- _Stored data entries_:
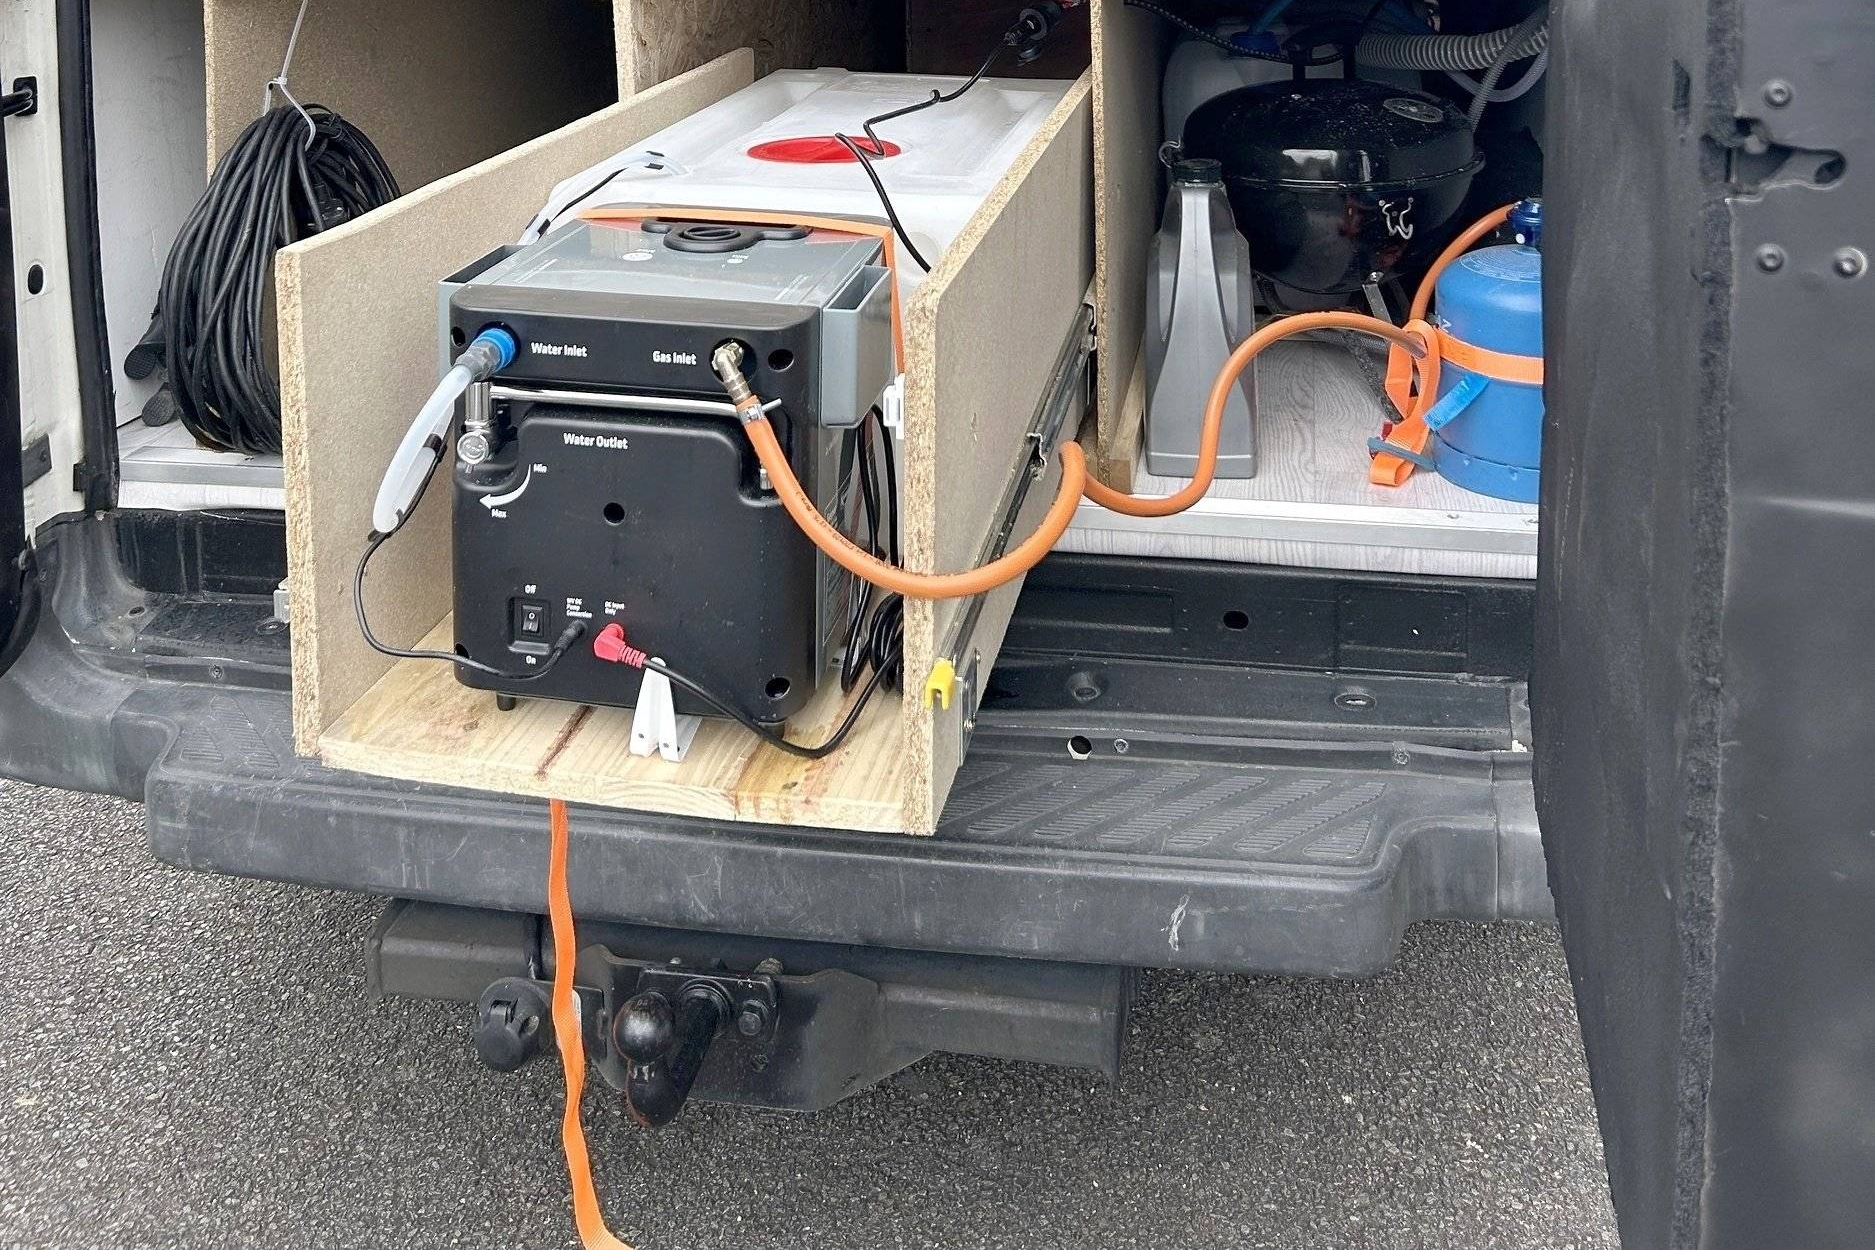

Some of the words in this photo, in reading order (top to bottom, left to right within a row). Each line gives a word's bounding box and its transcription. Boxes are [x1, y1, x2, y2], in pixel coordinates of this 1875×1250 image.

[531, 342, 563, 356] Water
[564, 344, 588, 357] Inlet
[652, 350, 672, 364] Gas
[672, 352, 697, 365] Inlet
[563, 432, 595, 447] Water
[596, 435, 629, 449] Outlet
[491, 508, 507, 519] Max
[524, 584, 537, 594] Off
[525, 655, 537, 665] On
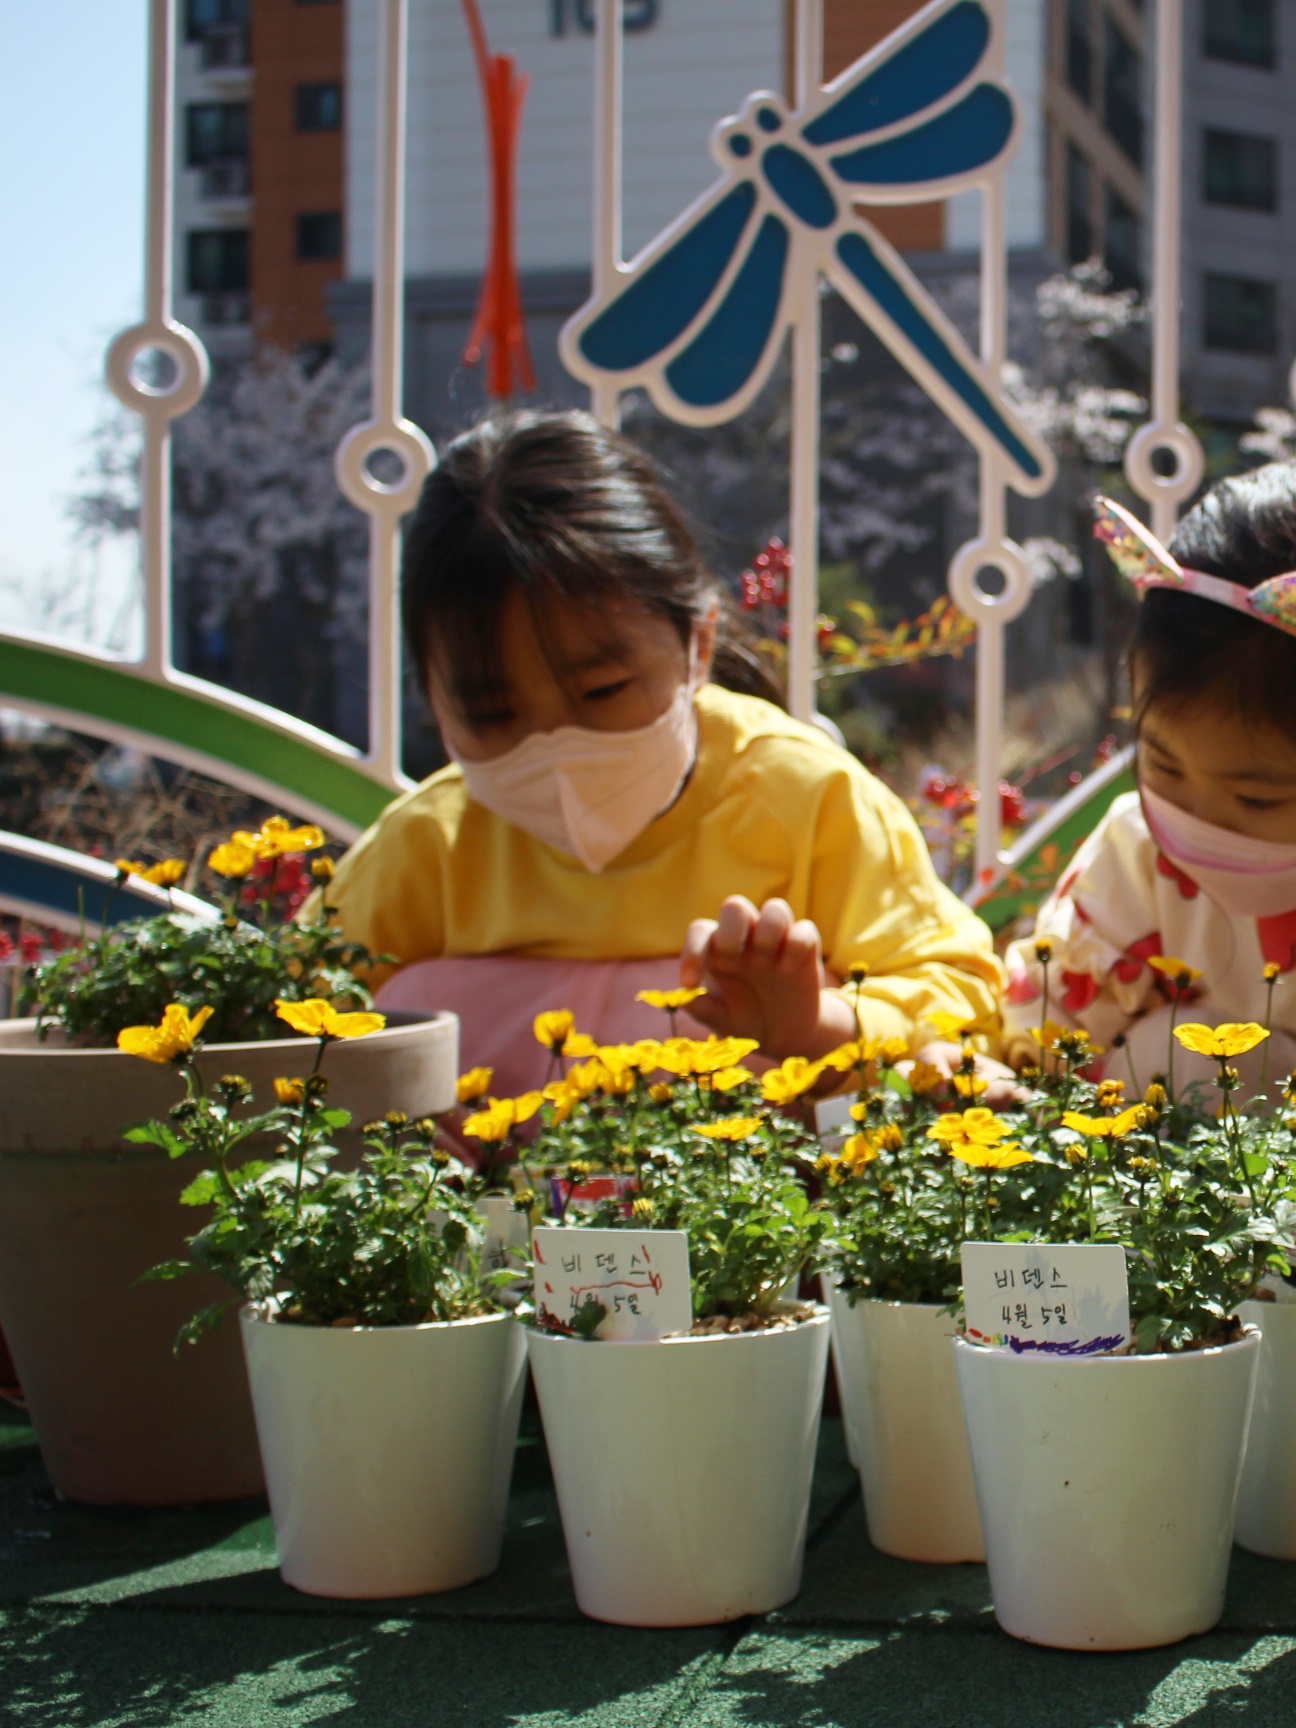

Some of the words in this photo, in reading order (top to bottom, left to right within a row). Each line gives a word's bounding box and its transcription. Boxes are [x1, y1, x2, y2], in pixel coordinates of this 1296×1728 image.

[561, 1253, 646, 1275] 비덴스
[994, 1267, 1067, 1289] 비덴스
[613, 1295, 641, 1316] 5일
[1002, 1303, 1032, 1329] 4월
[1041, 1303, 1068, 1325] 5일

- _Task description_: Copy only the stretch running from the line containing "this 1296×1728 image." to the final line of the entries, both ends included, exactly as it stands.

- _Exercise answer_:
Some of the words in this photo, in reading order (top to bottom, left to right within a row). Each line gives a word's bounding box and its transcription. Boxes are [x1, y1, x2, y2], in pixel coordinates of this 1296×1728 image.

[561, 1253, 646, 1275] 비덴스
[994, 1267, 1067, 1289] 비덴스
[613, 1295, 641, 1316] 5일
[1002, 1303, 1032, 1329] 4월
[1041, 1303, 1068, 1325] 5일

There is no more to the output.